With the summer holidays less than a month away, the conseils de classe season is entering full swing. For the uninitiated, a conseil de classe (literally "class council") is where all the teachers of one group of kids gets together along with the principal (or deputy), pupil and parent representatives. Each pupil is then discussed in turn, and we decide collectively who moves up to the next year and who has to repeat. For a class of 28 kids, this takes a while. And I have to do this for each class I teach.

But before the conseil, the teachers meet up for a preconseil ("pre-council", "coucil of war" or "meeting-about-the-meeting" depending on your preferred translation). And all this on top of our normal teaching load plus end of year marking as all reports need to be done in time for the conseil.

Of course, there are still classes after the conseil, but the kids are well aware that the decisions have already been taken so our ability to threaten them is severely diminished.
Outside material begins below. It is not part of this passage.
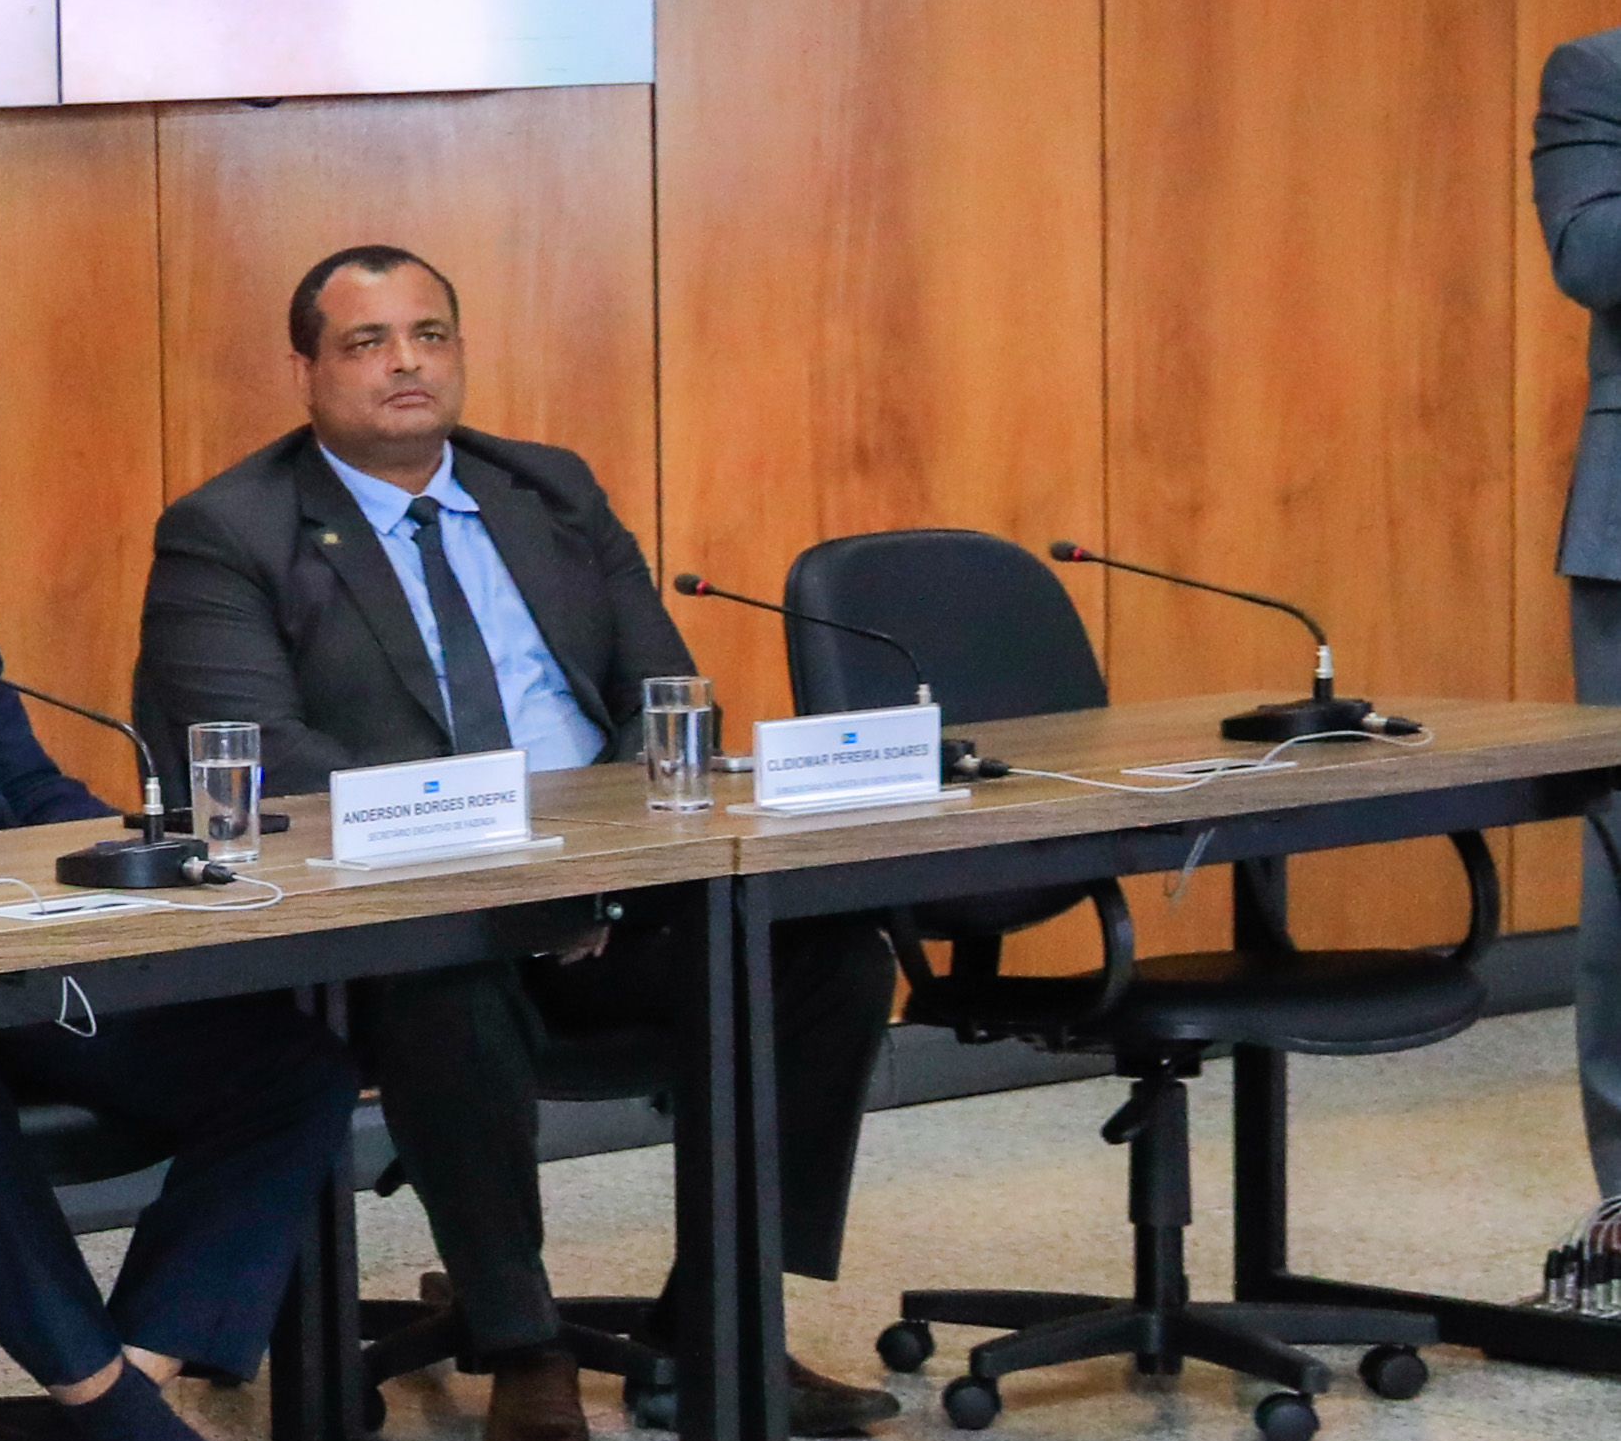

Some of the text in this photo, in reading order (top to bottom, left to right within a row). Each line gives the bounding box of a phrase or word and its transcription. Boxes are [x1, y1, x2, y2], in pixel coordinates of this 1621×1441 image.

[883, 743, 929, 760] SOARES
[343, 790, 517, 825] ANDERSON BORGES ROEPKE
So sense of impunity on their part collide head on with the tiredness on ours, with fun consequences for all.

But all anyone outside the profession ever notices is the long holidays. Let's see them survive the job without a long summer break.

Saturday, May 24, 2008

The return of the pink bunting

My town is decked out in bloody pink bunting again, like it was in February. Unfortunately it's still not being used to string up the mayor from a lamp post. It's to remind us of Mother's day, just in case we hadn't noticed the ads in the shop windows.

*sigh*

Cheese!

One of the great things about living in France is the food, so when a colleague gave me two free tickets to the Salon Saveurs des Plaisirs Gourmands last week, I jumped at it. We ended up spending far too much on saucisson and, of course, cheese. Lots and lots of cheese.

One stall had years-old cheeses that Mme le Prof said looked like they'd been dug up by archaeologists in Pompeii. Still, the one we got was very nice, if a bit strong. I may miss English sausages, but I'd miss French cheese more if I ever moved back.